Now comes the plot twist — the missing man is missing with good reason, since there’s a bad guy out to kill him. Dix has so successfully assumed the wanted party’s identity that he can’t shake it off when he needs to. Further twists, which rather stretch plausibility to the point of snapping-and-pinging, are on their way.
This was all enjoyable enough, so I was happy to try RETURN OF THE WHISTLER, which proved to be the last in the series. Richard Dix having drunk himself to death, and William Castle being busy making other, perhaps even cheaper pictures, this movie stars Michael Duane and proceeds under the helm of D Ross Lederman (should a B-movie maestro really use “DRoss” as a name?) — it’s unexceptional but quite watchable, and uses a favourite Woolrich device…

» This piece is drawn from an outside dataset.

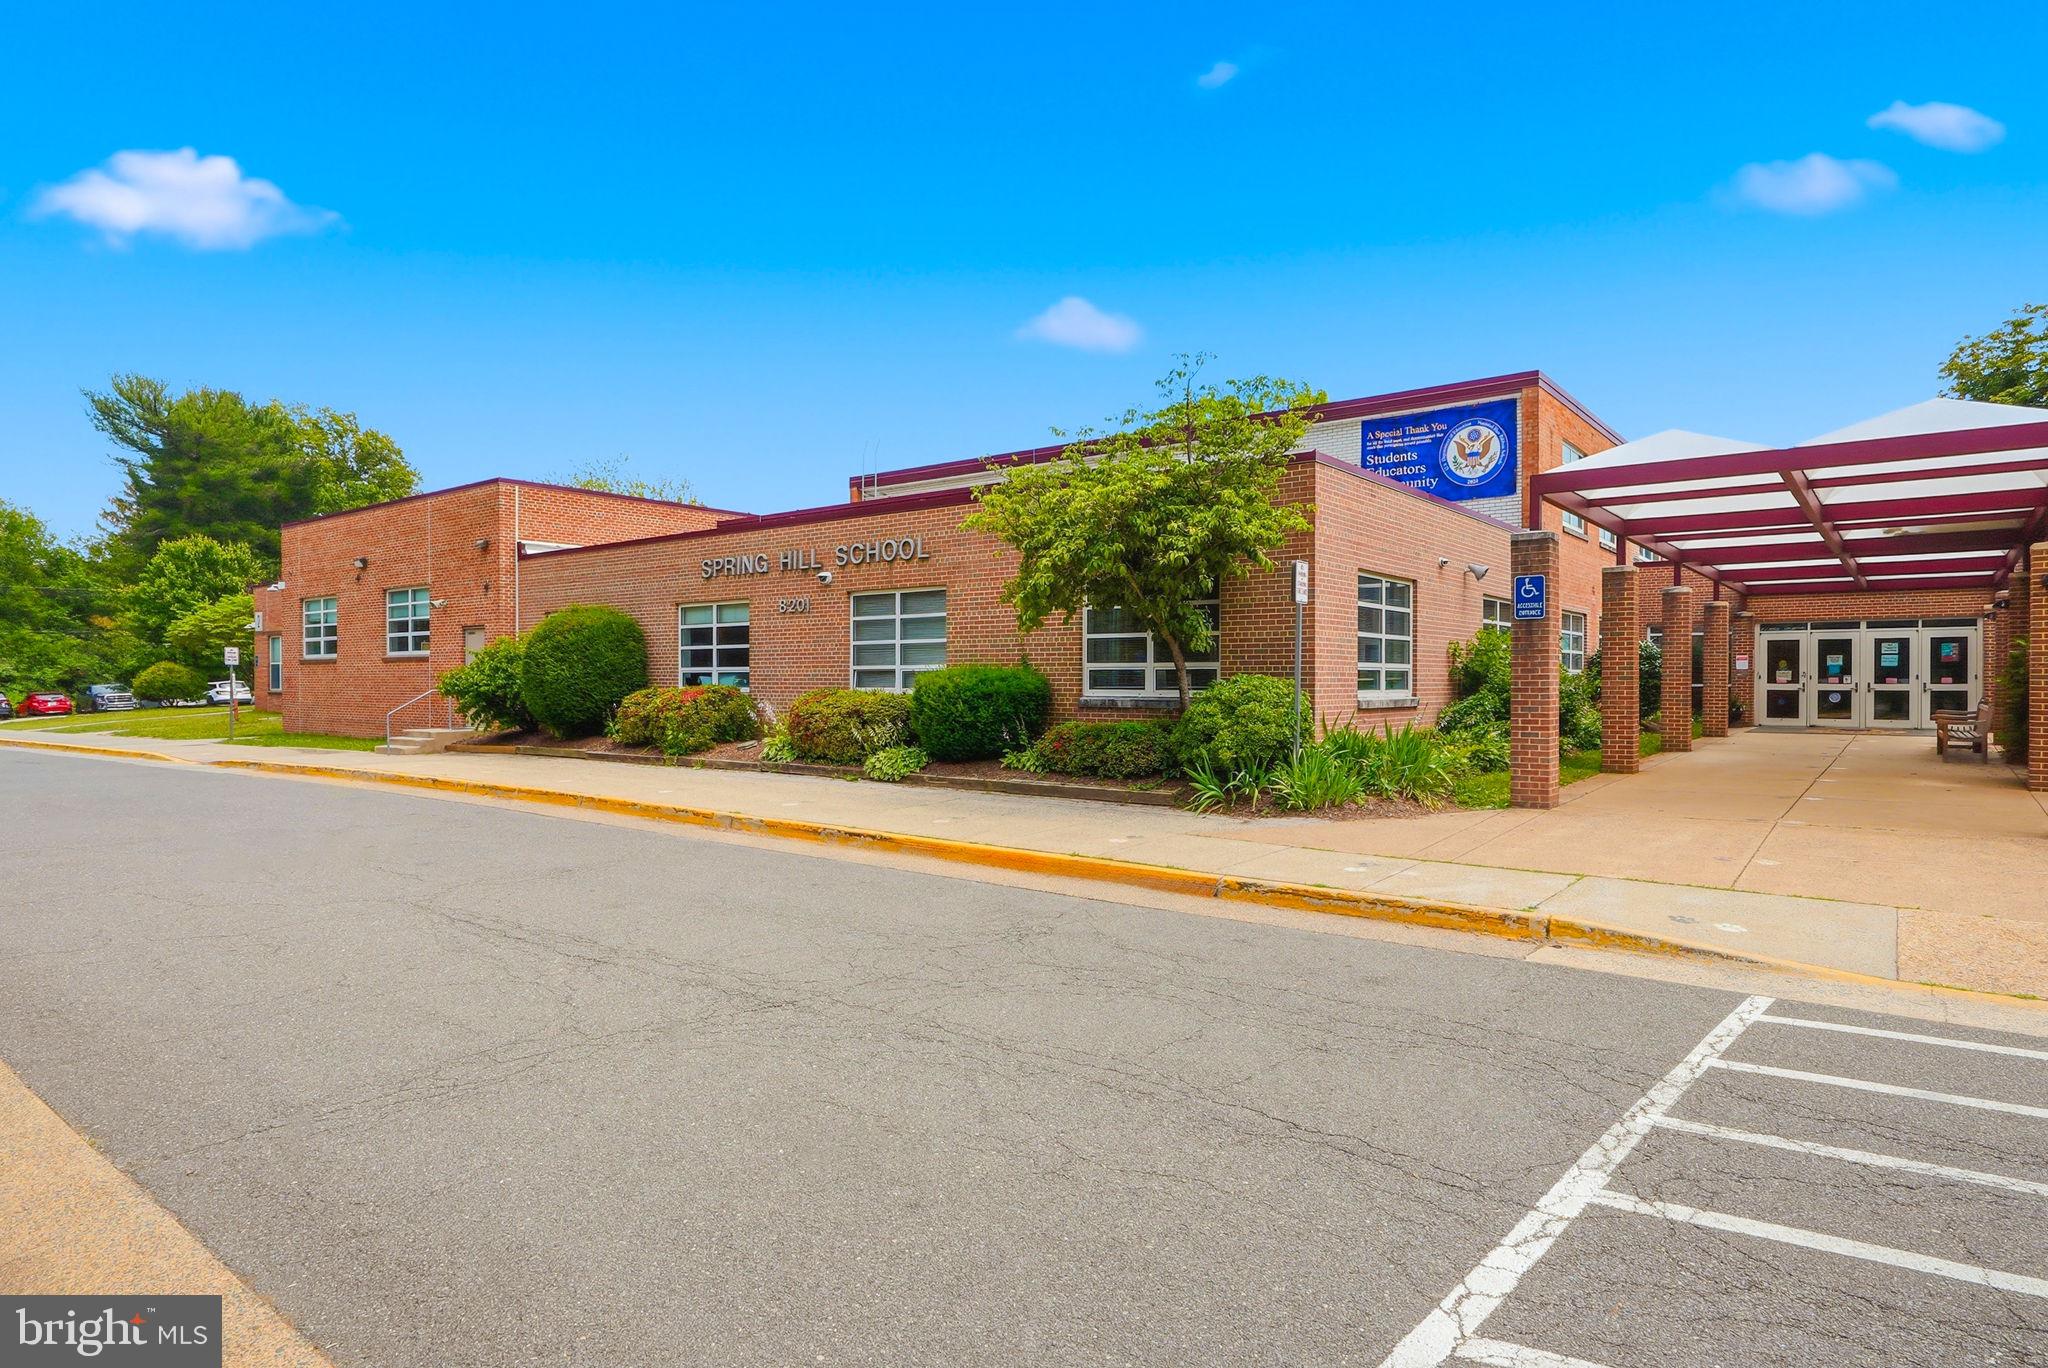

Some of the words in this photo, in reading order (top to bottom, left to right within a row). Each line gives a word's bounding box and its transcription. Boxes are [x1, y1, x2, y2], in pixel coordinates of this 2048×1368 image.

Duane is trying to marry his French fiancée, but can’t find a justice of the peace, so they’re forced to spend the night apart in a strange town. Checking his spouse-to-be into a hotel with a surly night clerk, in the a.m. he’s alarmed to find her vanished, or do I mean he’s alarmed to NOT find her, vanished? And the clerk denies she was ever there. This one adapts Woolrich’s All At Once, No Alice, with echoes of Phantom Lady and of course THE LADY VANISHES, but plays like a lesser version of You’ll Never See Me Again, one of the author’s most horrific, agonizingly tense, and twistedly autobiographical stories.
In YNSMA, the hero’s wife walks out on him after an argument early in their marriage, returning to her parents, whom he’s never met (Woolrich plots often depend on such unlikely and contrived circumstances. Never mind.) This of course uncomfortably echoes Woolrich’s own short marriage. In the story, the hero goes after his wife but finds she never arrived at her destination, triggering a weird and disorientating investigation that tests Roman Polanski’s very Woolrichian observation that “anxiety has no upper limit.” The climactic revelation punishes the wife even more horribly than the story has already tortured the husband: her mother murdered, she’s been entombed alive by the killer. The rescue does not make for a wholeheartedly happy ending.
RETURN OF THE WHISTLER is altogether lighter, but our leading lady has been unjustly committed as insane by grasping relations, so the dark side is certainly there. The Whistler himself is on hand to poke fun at the struggling hero from time to time ~
It lacks Dix’s ineffable embers of charisma, and Castle’s occasionally imaginative direction, but it’s a decent time-waster with authentic Woolrich elements, even if it shortchanges us on the angst and paranoia.